PT Visi Media Asia Tbk (VIVA) yang merupakan pemegang saham pengendali MDIA turut kecipratan cuan. Berdasarkan keterbukaan informasi terakhir, VIVA masih menggenggam sekitar 80,73% saham MDIA. Dengan porsi kepemilikan tersebut, setiap kenaikan kapitalisasi pasar MDIA secara langsung turut meningkatkan nilai investasi VIVA di anak usahanya.
Lonjakan harga saham MDIA pun kembali memunculkan perhatian terhadap valuasi VIVA. Pasalnya, kenaikan nilai aset yang dimiliki VIVA melalui kepemilikan mayoritas di MDIA dinilai berpotensi belum sepenuhnya tercermin pada harga saham VIVA di pasar. Tak hanya dari sisi kapitalisasi pasar, saham VIVA sendiri ikut naik 65,71% dalam sebulan.
VIVA memiliki kepemilikan mayoritas di MDIA, sehingga secara valuasi kenaikan kapitalisasi pasar MDIA tentu akan meningkatkan nilai investasi VIVA. Namun, pasar juga akan melihat apakah kenaikan valuasi tersebut dapat dikonversi menjadi peningkatan nilai bagi pemegang saham melalui kinerja operasional ataupun aksi korporasi ke depan.

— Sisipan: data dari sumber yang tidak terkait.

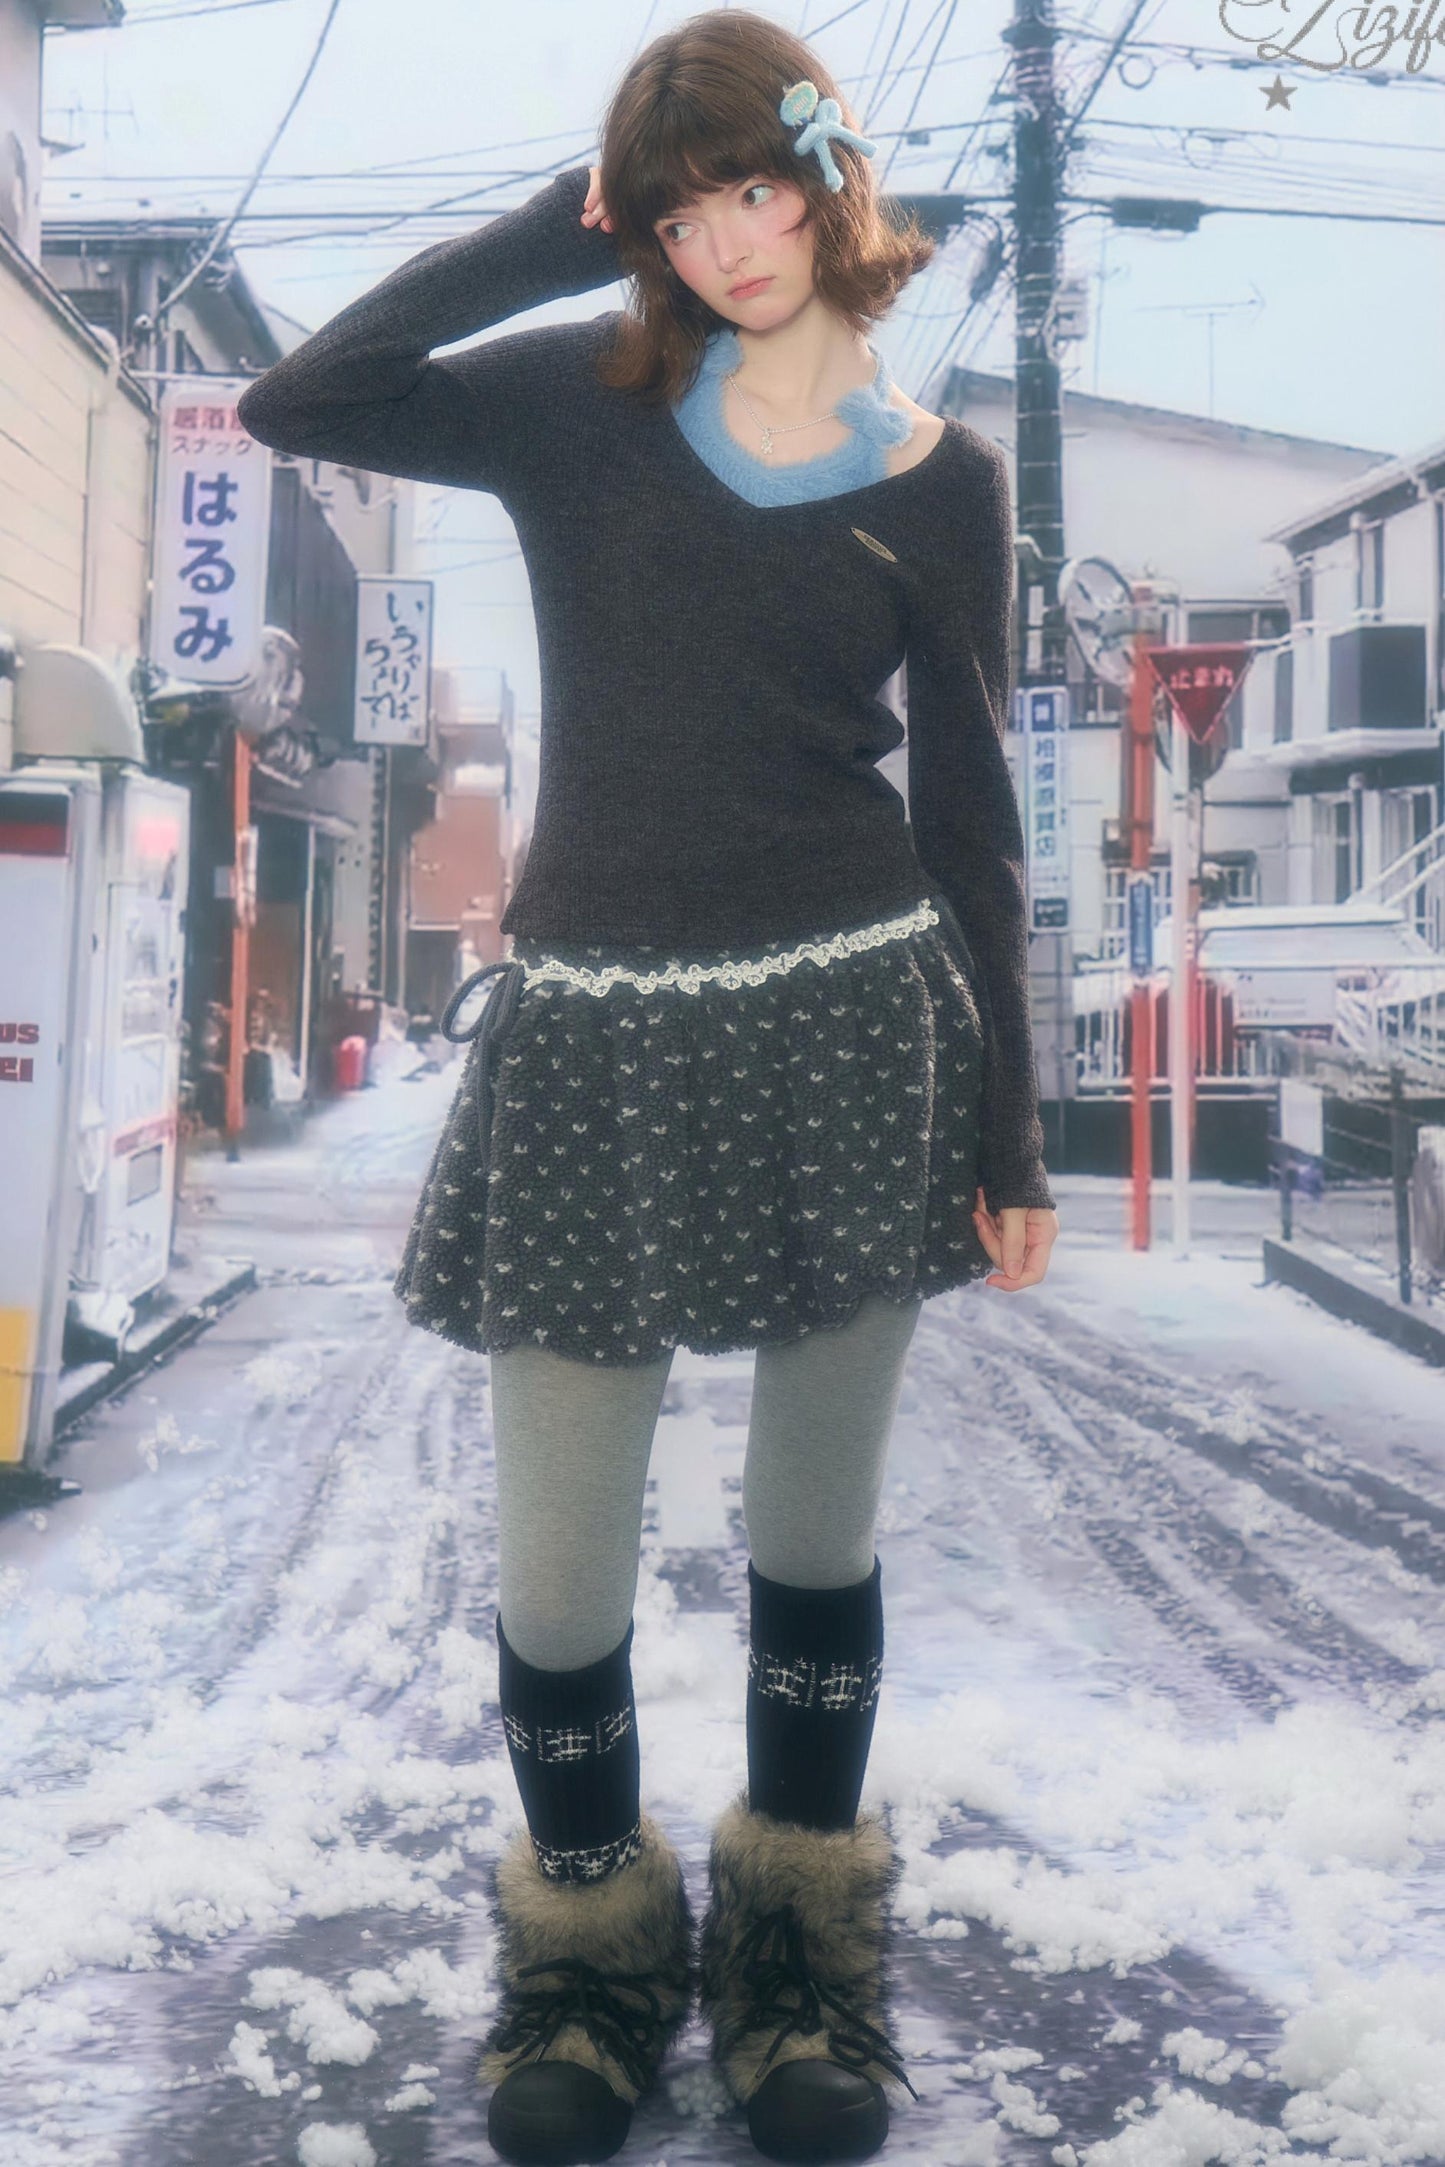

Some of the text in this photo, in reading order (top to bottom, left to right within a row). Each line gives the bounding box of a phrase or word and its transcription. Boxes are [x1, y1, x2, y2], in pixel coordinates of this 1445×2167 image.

Di sisi lain, investor sebaiknya tidak hanya berfokus pada kenaikan harga saham anak usaha. Fundamental bisnis, prospek pertumbuhan, struktur keuangan, hingga strategi perusahaan dalam mengoptimalkan aset tetap menjadi faktor utama yang perlu diperhatikan dalam menentukan valuasi saham induk.
Sementara itu, hingga saat ini belum terdapat informasi material maupun aksi korporasi yang diumumkan perseroan sebagai pemicu utama lonjakan harga saham MDIA. Dalam jawaban atas permintaan penjelasan Bursa Efek Indonesia (BEI), manajemen MDIA menyatakan tidak mengetahui adanya informasi atau fakta material yang dapat memengaruhi nilai efek maupun keputusan investasi investor. Perseroan juga menyampaikan tidak memiliki rencana aksi korporasi dalam tiga bulan mendatang.
Pergerakan harga saham MDIA yang sangat signifikan sebelumnya juga sempat membuat BEI menghentikan sementara perdagangan saham tersebut sebagai langkah cooling down. Suspensi kemudian dicabut setelah bursa memberikan waktu kepada investor untuk mempertimbangkan informasi yang tersedia.
Dengan kepemilikan mencapai 80,73%, VIVA menjadi pihak yang paling diuntungkan apabila valuasi MDIA terus meningkat. Kondisi tersebut membuat sebagian pelaku pasar mulai mencermati apakah kenaikan nilai aset MDIA pada akhirnya akan menjadi katalis positif bagi pergerakan saham VIVA.
Meski demikian, Abdul Azis mengingatkan bahwa investor tetap perlu mengedepankan kehati-hatian. Menurutnya, kenaikan harga saham yang berlangsung dalam waktu singkat umumnya diikuti volatilitas yang tinggi, sehingga keputusan investasi sebaiknya tetap didasarkan pada analisis fundamental dan prospek bisnis jangka panjang.